As an exemplary application of the radio frequency connection means, the bottom end of the inner conductor 2 may be connected to the filter cavity, e.g. by screwing or riveting, to transmit the radio frequency signal to the filter 7. However, other similar applications may be envisaged by the skilled person. The inner conductor 2 may be a single metal rod as a whole, for example a metal rod comprising a threaded hole at its top.

As shown in fig. 2, the radio frequency connection means may further comprise an outer conductor 5. The outer conductor 5 surrounds the inner conductor 2 and is electrically connected to a second surface of the printed circuit board 1 opposite to the first surface. In some embodiments, the outer conductor 5 may be directly fixed to the second surface of the printed circuit board 1 by screws. In other embodiments, the outer conductor 5 may be bonded to the second surface of the printed circuit board 1 by a conductive attachment material. In the orientation shown in fig. 1 and 2, the first surface refers to the upper surface of the printed circuit board 1 and the second surface refers to the lower surface of the printed circuit board 1. The outer conductor 5 and the inner conductor 2 constitute a coaxial transmission structure for transmitting radio frequency signals. By designing the dimensions of the microstrip line 102 and the metal sheet 3, the purpose of lossless transmission of the radio-frequency signals with impedance matching can be achieved.

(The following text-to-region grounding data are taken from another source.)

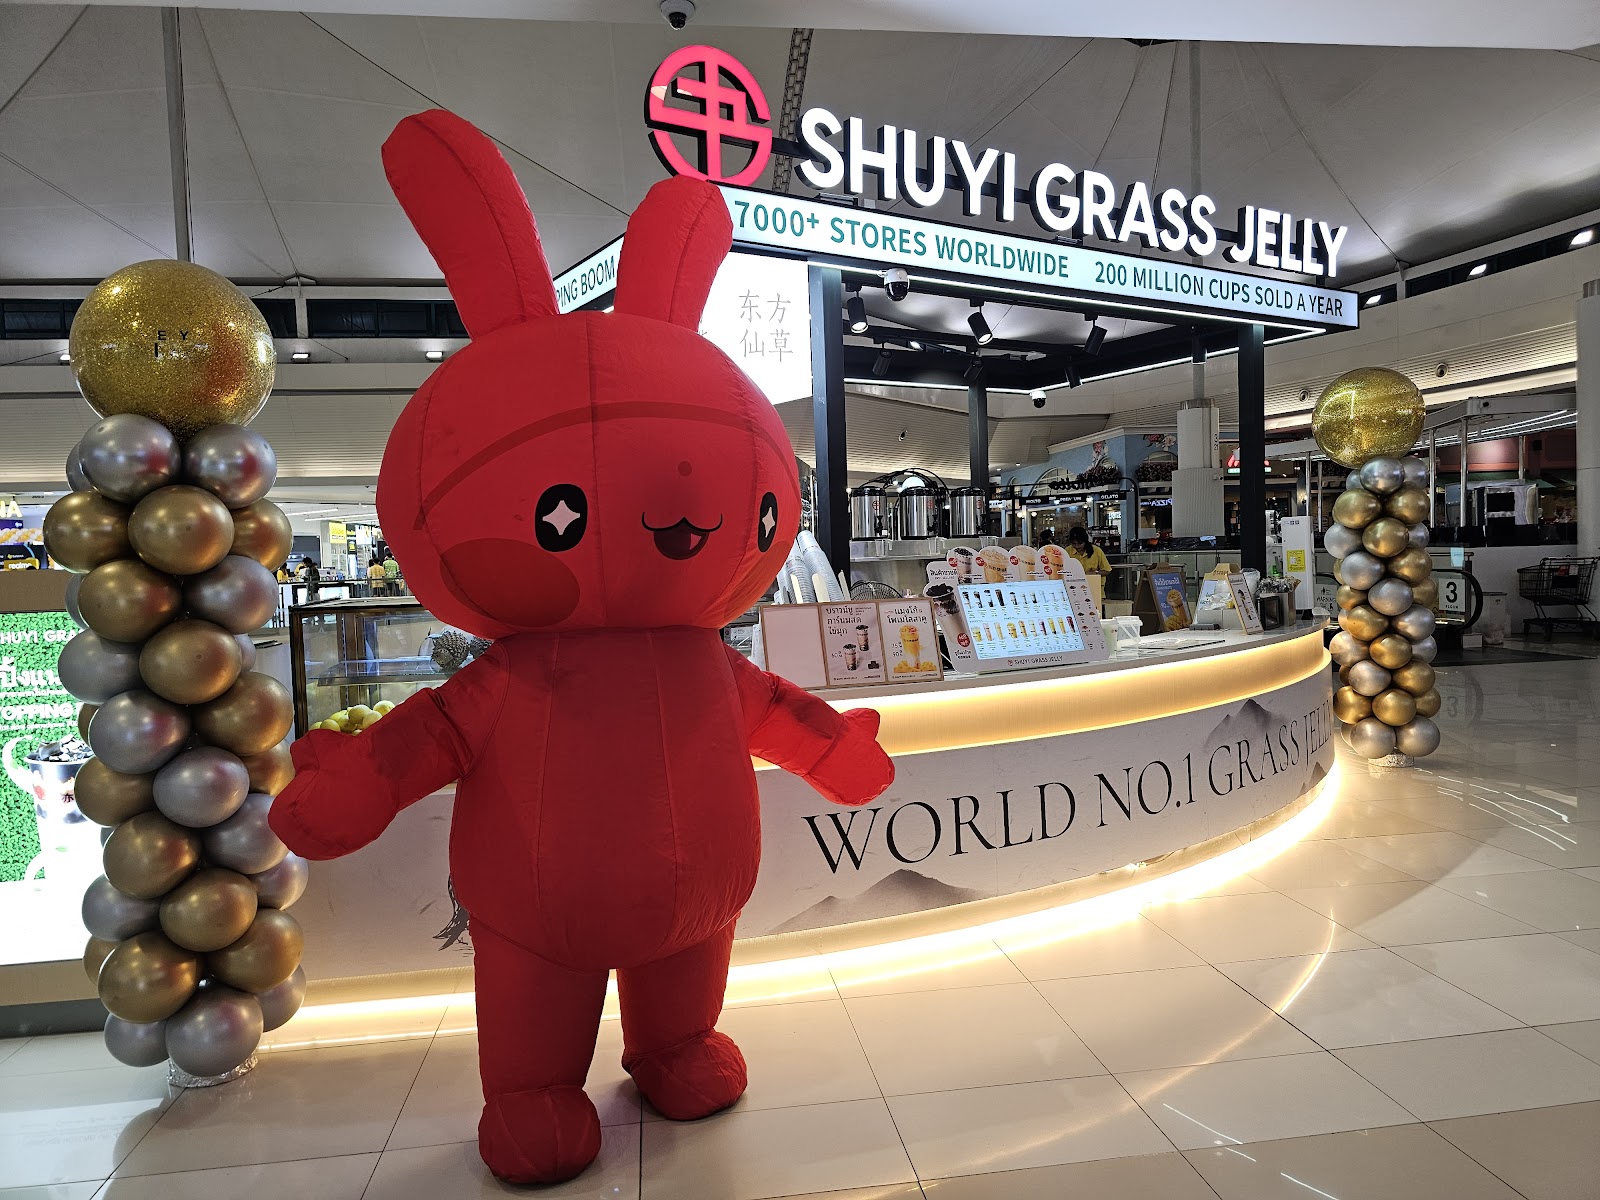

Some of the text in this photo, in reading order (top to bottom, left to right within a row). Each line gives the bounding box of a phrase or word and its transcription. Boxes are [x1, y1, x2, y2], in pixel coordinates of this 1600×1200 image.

[798, 107, 1348, 278] SHUYI GRASS JELLY
[581, 255, 615, 295] BOOM
[734, 200, 1343, 318] 7000+ STORES WORLDWIDE 200 MILLION CUPS SOLD A YEAR
[739, 288, 791, 323] 东方
[740, 329, 793, 362] 仙草
[1446, 582, 1458, 603] 3
[43, 629, 85, 643] GRA
[801, 781, 1076, 875] WORLD
[1094, 753, 1197, 827] NO.1
[1208, 719, 1300, 798] GRASS

As shown in fig. 2, the radio frequency connection means may further comprise an insulator 6. An insulator 6 is disposed between the inner conductor 2 and the outer conductor 5 to isolate the inner conductor 2 and the outer conductor 5. The insulator 6 also prevents substances, such as dust, from entering the space enclosed by the printed circuit board 1, the inner conductor 2, the outer conductor 5 and the insulator 6, so that the reliability of the radio frequency connection device can be further improved.

Fig. 3 shows one exemplary structure of the printed circuit board 1 according to the embodiment of the present disclosure, and fig. 4 shows another exemplary structure of the printed circuit board 1 according to the embodiment of the present disclosure.

In the printed circuit board 1 as shown in fig. 3, the first via hole 101 may be spaced apart from the microstrip line 102 by a certain distance. Furthermore, the printed circuit board 1 may further include a metal portion 103 covering a peripheral area thereof and an exposed portion 104 between the metal portion 103 and the microstrip line 102. The metal portion 103 may be constituted by a copper layer covering the printed circuit board 1, for example. The metal portion 103 may also cover the second surface of the printed circuit board 1. The outer conductor 5 may be electrically connected to a metal portion 103 located at the second surface of the printed circuit board 1.

In the printed circuit board 1 shown in fig. 4, the first via hole 101 may be adjacent to the microstrip line 102. Furthermore, the printed circuit board 1 may further include a metal portion 103 covering a peripheral area thereof and an exposed portion 104 between the metal portion 103 and the microstrip line 102. Similarly, the metal portion 103 may be constituted by a copper layer covering the printed circuit board 1, for example. The metal portion 103 may also cover the second surface of the printed circuit board 1. The outer conductor 5 may be electrically connected to a metal portion 103 located at the second surface of the printed circuit board 1.

In the example shown in fig. 3 and 4, the first through-hole 101 is substantially circular. However, in the embodiments of the present disclosure, the shape of the first through hole 101 is not limited to a circular shape, but the shape of the first through hole 101 is set so that a part of the inner conductor 2 can be positioned therein. That is, it is sufficient if the lateral dimension range of the first via hole 101 is larger than the lateral dimension range of the inner conductor 2. For example, the shape of the first through hole 101 may be triangular, rectangular, other polygonal, or other irregular shape.

Fig. 5 shows an exemplary structure of the metal sheet 3 according to an embodiment of the present disclosure. As shown in fig. 5, the metal plate 3 may include a first end 31 for connection with the microstrip line 102 and a second end 32 for connection with the inner conductor 2. The first end 31 and the second end 32 of the metal sheet 3 may be connected by a connecting portion 33. The first end 31 of the metal sheet 3 may be generally square with rounded corners and provided thereon with four fixing pins 311. The second end 32 of the metal sheet 3 may also be generally square with rounded corners and provided therein with an approximately circular second through hole 321. The second through hole 321 serves to allow a screw to pass therethrough, and thus may have a size slightly larger than the thread outer diameter of the screw. However, the metal sheet 3 is not limited to the specific shape illustrated in fig. 5, and those skilled in the art can conceive of various shapes of the metal sheet 3 capable of achieving the electrical connection between the microstrip line 102 and the inner conductor 2 according to the embodiments of the present disclosure.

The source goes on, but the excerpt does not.